= What is being asked =
The answer must consist of the records below, repeated exactly.

START Source data

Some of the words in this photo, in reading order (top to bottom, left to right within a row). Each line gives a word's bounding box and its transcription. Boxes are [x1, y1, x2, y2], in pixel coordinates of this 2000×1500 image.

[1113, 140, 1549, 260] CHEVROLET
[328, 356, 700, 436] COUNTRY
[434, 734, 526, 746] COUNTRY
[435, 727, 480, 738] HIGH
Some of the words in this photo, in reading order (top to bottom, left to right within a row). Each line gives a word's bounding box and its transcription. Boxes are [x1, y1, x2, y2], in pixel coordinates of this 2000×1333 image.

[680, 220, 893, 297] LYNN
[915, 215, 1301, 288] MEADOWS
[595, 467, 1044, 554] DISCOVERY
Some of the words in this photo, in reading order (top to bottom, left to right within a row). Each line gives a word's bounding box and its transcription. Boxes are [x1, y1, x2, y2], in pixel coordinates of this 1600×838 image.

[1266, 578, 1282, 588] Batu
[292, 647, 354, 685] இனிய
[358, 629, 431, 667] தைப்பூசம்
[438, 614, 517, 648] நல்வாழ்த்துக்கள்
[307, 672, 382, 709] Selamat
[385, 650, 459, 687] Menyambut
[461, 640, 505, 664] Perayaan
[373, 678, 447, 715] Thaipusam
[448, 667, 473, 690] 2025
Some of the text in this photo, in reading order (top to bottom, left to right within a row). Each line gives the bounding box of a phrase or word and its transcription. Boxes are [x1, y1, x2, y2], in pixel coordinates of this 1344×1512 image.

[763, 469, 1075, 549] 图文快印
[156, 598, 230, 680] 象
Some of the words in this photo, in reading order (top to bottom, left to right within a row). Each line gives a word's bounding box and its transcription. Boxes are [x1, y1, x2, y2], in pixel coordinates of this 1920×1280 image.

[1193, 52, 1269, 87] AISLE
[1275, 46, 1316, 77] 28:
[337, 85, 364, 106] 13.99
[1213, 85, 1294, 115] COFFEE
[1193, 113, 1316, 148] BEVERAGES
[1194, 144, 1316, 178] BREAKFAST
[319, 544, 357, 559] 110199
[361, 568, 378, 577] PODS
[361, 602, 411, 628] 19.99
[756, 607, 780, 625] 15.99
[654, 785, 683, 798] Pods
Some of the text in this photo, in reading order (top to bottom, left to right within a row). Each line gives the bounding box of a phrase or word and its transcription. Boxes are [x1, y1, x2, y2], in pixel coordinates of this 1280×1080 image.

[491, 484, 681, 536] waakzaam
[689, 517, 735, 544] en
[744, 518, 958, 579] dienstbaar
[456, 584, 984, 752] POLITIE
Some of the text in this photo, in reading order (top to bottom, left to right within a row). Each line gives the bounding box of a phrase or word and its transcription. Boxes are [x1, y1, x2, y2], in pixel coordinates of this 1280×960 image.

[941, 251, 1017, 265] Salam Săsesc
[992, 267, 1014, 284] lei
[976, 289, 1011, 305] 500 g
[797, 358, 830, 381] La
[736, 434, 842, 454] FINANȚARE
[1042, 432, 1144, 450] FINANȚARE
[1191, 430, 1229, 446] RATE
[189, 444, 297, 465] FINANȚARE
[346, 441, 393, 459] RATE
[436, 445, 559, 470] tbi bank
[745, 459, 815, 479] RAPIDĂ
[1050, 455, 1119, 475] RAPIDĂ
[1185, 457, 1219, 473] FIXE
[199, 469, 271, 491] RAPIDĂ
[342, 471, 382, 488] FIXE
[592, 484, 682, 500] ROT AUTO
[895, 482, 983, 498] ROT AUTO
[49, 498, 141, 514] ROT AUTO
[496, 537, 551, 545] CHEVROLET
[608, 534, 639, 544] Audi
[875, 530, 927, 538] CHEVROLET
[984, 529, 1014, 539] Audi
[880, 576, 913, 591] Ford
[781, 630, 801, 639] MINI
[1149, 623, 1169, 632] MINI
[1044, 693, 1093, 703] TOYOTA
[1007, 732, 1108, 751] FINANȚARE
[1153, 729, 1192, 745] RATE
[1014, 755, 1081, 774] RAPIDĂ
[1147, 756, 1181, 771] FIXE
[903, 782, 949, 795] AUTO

END Source data

= Response area =
Some of the words in this photo, in reading order (top to bottom, left to right within a row). Each line gives a word's bounding box and its transcription. Boxes are [x1, y1, x2, y2], in pixel coordinates of this 2000×1500 image.

[1113, 140, 1549, 260] CHEVROLET
[328, 356, 700, 436] COUNTRY
[434, 734, 526, 746] COUNTRY
[435, 727, 480, 738] HIGH
Some of the words in this photo, in reading order (top to bottom, left to right within a row). Each line gives a word's bounding box and its transcription. Boxes are [x1, y1, x2, y2], in pixel coordinates of this 2000×1333 image.

[680, 220, 893, 297] LYNN
[915, 215, 1301, 288] MEADOWS
[595, 467, 1044, 554] DISCOVERY
Some of the words in this photo, in reading order (top to bottom, left to right within a row). Each line gives a word's bounding box and its transcription. Boxes are [x1, y1, x2, y2], in pixel coordinates of this 1600×838 image.

[1266, 578, 1282, 588] Batu
[292, 647, 354, 685] இனிய
[358, 629, 431, 667] தைப்பூசம்
[438, 614, 517, 648] நல்வாழ்த்துக்கள்
[307, 672, 382, 709] Selamat
[385, 650, 459, 687] Menyambut
[461, 640, 505, 664] Perayaan
[373, 678, 447, 715] Thaipusam
[448, 667, 473, 690] 2025
Some of the text in this photo, in reading order (top to bottom, left to right within a row). Each line gives the bounding box of a phrase or word and its transcription. Boxes are [x1, y1, x2, y2], in pixel coordinates of this 1344×1512 image.

[763, 469, 1075, 549] 图文快印
[156, 598, 230, 680] 象
Some of the words in this photo, in reading order (top to bottom, left to right within a row). Each line gives a word's bounding box and its transcription. Boxes are [x1, y1, x2, y2], in pixel coordinates of this 1920×1280 image.

[1193, 52, 1269, 87] AISLE
[1275, 46, 1316, 77] 28:
[337, 85, 364, 106] 13.99
[1213, 85, 1294, 115] COFFEE
[1193, 113, 1316, 148] BEVERAGES
[1194, 144, 1316, 178] BREAKFAST
[319, 544, 357, 559] 110199
[361, 568, 378, 577] PODS
[361, 602, 411, 628] 19.99
[756, 607, 780, 625] 15.99
[654, 785, 683, 798] Pods
Some of the text in this photo, in reading order (top to bottom, left to right within a row). Each line gives the bounding box of a phrase or word and its transcription. Boxes are [x1, y1, x2, y2], in pixel coordinates of this 1280×1080 image.

[491, 484, 681, 536] waakzaam
[689, 517, 735, 544] en
[744, 518, 958, 579] dienstbaar
[456, 584, 984, 752] POLITIE
Some of the text in this photo, in reading order (top to bottom, left to right within a row). Each line gives the bounding box of a phrase or word and its transcription. Boxes are [x1, y1, x2, y2], in pixel coordinates of this 1280×960 image.

[941, 251, 1017, 265] Salam Săsesc
[992, 267, 1014, 284] lei
[976, 289, 1011, 305] 500 g
[797, 358, 830, 381] La
[736, 434, 842, 454] FINANȚARE
[1042, 432, 1144, 450] FINANȚARE
[1191, 430, 1229, 446] RATE
[189, 444, 297, 465] FINANȚARE
[346, 441, 393, 459] RATE
[436, 445, 559, 470] tbi bank
[745, 459, 815, 479] RAPIDĂ
[1050, 455, 1119, 475] RAPIDĂ
[1185, 457, 1219, 473] FIXE
[199, 469, 271, 491] RAPIDĂ
[342, 471, 382, 488] FIXE
[592, 484, 682, 500] ROT AUTO
[895, 482, 983, 498] ROT AUTO
[49, 498, 141, 514] ROT AUTO
[496, 537, 551, 545] CHEVROLET
[608, 534, 639, 544] Audi
[875, 530, 927, 538] CHEVROLET
[984, 529, 1014, 539] Audi
[880, 576, 913, 591] Ford
[781, 630, 801, 639] MINI
[1149, 623, 1169, 632] MINI
[1044, 693, 1093, 703] TOYOTA
[1007, 732, 1108, 751] FINANȚARE
[1153, 729, 1192, 745] RATE
[1014, 755, 1081, 774] RAPIDĂ
[1147, 756, 1181, 771] FIXE
[903, 782, 949, 795] AUTO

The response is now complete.